• PROBLEM DESCRIPTION:
Leaving out the pictures, copy each record below exactly.

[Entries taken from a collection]
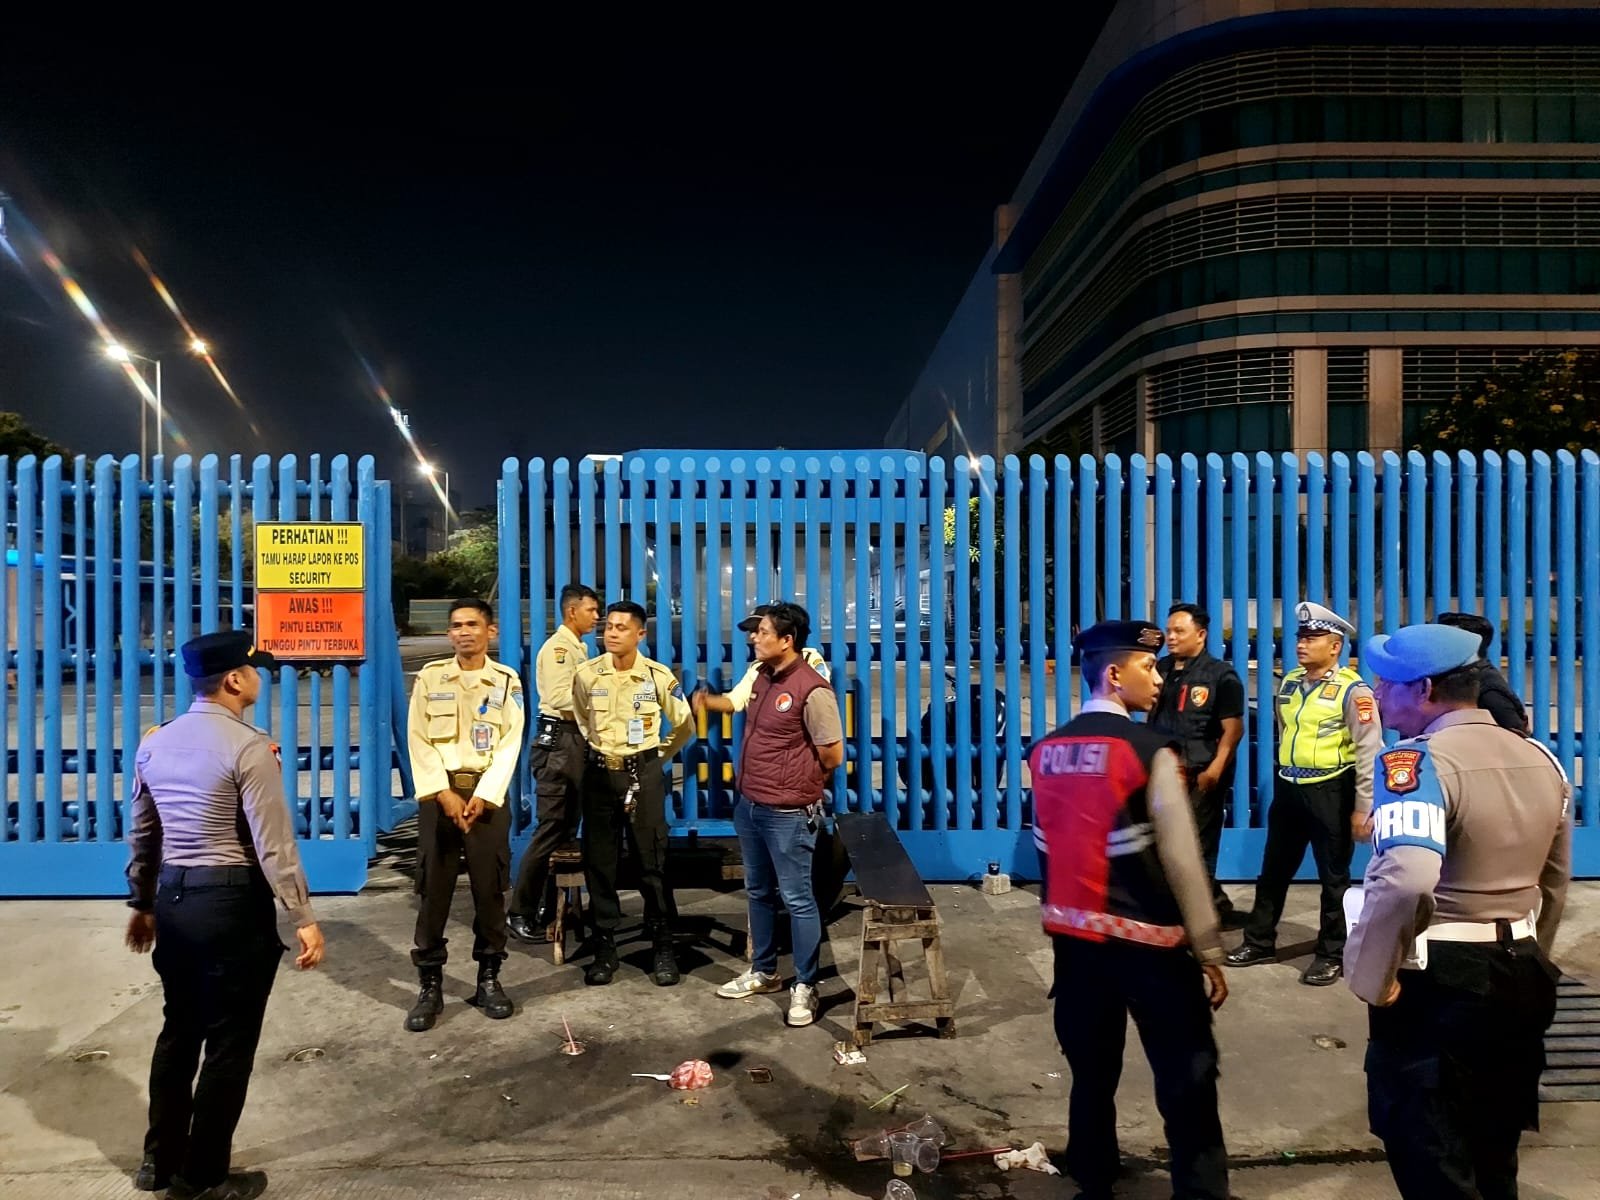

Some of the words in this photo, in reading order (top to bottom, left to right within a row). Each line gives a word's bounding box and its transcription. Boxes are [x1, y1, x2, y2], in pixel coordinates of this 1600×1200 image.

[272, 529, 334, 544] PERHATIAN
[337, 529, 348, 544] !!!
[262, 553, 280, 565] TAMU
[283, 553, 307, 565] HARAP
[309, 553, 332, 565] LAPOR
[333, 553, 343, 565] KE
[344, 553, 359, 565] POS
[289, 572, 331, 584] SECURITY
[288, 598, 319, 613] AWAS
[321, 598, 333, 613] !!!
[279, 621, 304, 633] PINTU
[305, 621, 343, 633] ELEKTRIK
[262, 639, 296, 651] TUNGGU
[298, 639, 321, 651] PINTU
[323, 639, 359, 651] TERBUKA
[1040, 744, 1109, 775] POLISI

• RESPONSE BELOW:
Some of the words in this photo, in reading order (top to bottom, left to right within a row). Each line gives a word's bounding box and its transcription. Boxes are [x1, y1, x2, y2], in pixel coordinates of this 1600×1200 image.

[272, 529, 334, 544] PERHATIAN
[337, 529, 348, 544] !!!
[262, 553, 280, 565] TAMU
[283, 553, 307, 565] HARAP
[309, 553, 332, 565] LAPOR
[333, 553, 343, 565] KE
[344, 553, 359, 565] POS
[289, 572, 331, 584] SECURITY
[288, 598, 319, 613] AWAS
[321, 598, 333, 613] !!!
[279, 621, 304, 633] PINTU
[305, 621, 343, 633] ELEKTRIK
[262, 639, 296, 651] TUNGGU
[298, 639, 321, 651] PINTU
[323, 639, 359, 651] TERBUKA
[1040, 744, 1109, 775] POLISI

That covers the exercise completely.